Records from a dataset
===

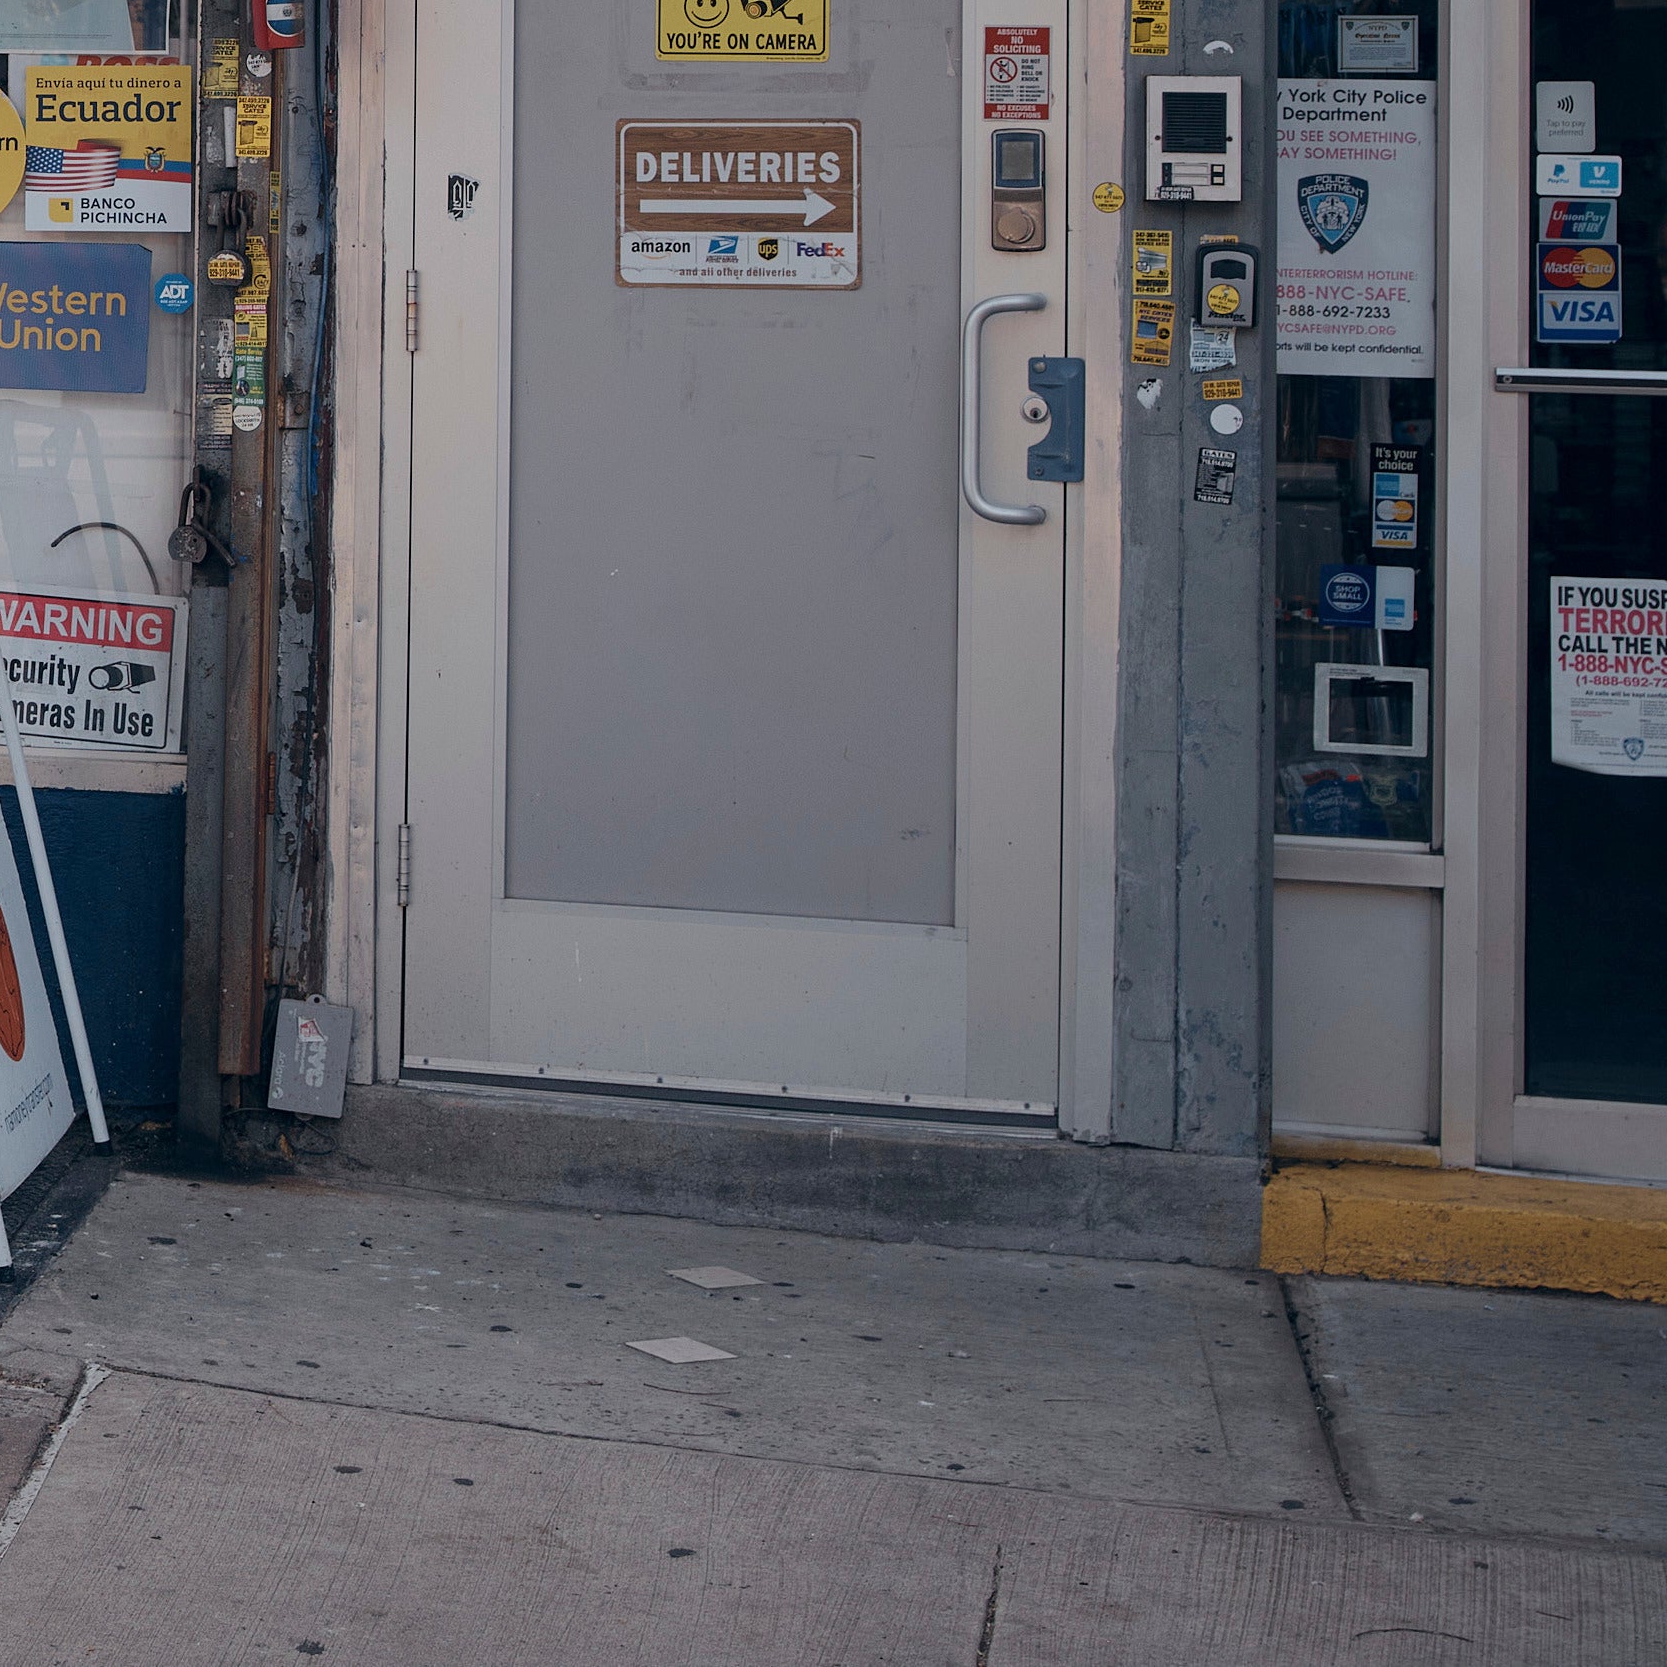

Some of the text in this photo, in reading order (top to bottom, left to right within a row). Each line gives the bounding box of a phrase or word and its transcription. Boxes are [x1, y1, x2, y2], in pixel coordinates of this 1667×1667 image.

[666, 32, 818, 52] YOU'RE ON CAMERA
[1010, 35, 1024, 44] NO
[993, 45, 1042, 54] SOLICITING
[35, 76, 183, 93] Envía aquí tu dinero a
[1288, 88, 1427, 106] York City Police
[36, 93, 181, 124] Ecuador
[1282, 106, 1388, 124] Department
[637, 152, 840, 183] DELIVERIES
[1315, 174, 1351, 185] POLICE
[1300, 183, 1365, 199] DEPARTMENT
[80, 197, 136, 211] BANCO
[80, 210, 168, 225] PICHINCHA
[1552, 210, 1606, 226] UnionPay
[630, 239, 691, 255] amazon
[796, 241, 846, 258] FedEx
[1544, 261, 1613, 276] MasterCard
[1546, 300, 1615, 323] VISA
[1375, 446, 1418, 461] It's your
[1378, 459, 1414, 472] choice
[1380, 530, 1409, 541] VISA
[1557, 585, 1667, 610] IF YOU SUSP
[1558, 634, 1653, 656] CALL THE
[84, 695, 106, 731] In
[112, 700, 155, 738] Use

===

Your answer must be an exact reproduction of all entries, containing no pictures.

Some of the text in this photo, in reading order (top to bottom, left to right within a row). Each line gives the bounding box of a phrase or word and its transcription. Boxes are [x1, y1, x2, y2], in pixel coordinates of this 1667×1667 image.

[666, 32, 818, 52] YOU'RE ON CAMERA
[1010, 35, 1024, 44] NO
[993, 45, 1042, 54] SOLICITING
[35, 76, 183, 93] Envía aquí tu dinero a
[1288, 88, 1427, 106] York City Police
[36, 93, 181, 124] Ecuador
[1282, 106, 1388, 124] Department
[637, 152, 840, 183] DELIVERIES
[1315, 174, 1351, 185] POLICE
[1300, 183, 1365, 199] DEPARTMENT
[80, 197, 136, 211] BANCO
[80, 210, 168, 225] PICHINCHA
[1552, 210, 1606, 226] UnionPay
[630, 239, 691, 255] amazon
[796, 241, 846, 258] FedEx
[1544, 261, 1613, 276] MasterCard
[1546, 300, 1615, 323] VISA
[1375, 446, 1418, 461] It's your
[1378, 459, 1414, 472] choice
[1380, 530, 1409, 541] VISA
[1557, 585, 1667, 610] IF YOU SUSP
[1558, 634, 1653, 656] CALL THE
[84, 695, 106, 731] In
[112, 700, 155, 738] Use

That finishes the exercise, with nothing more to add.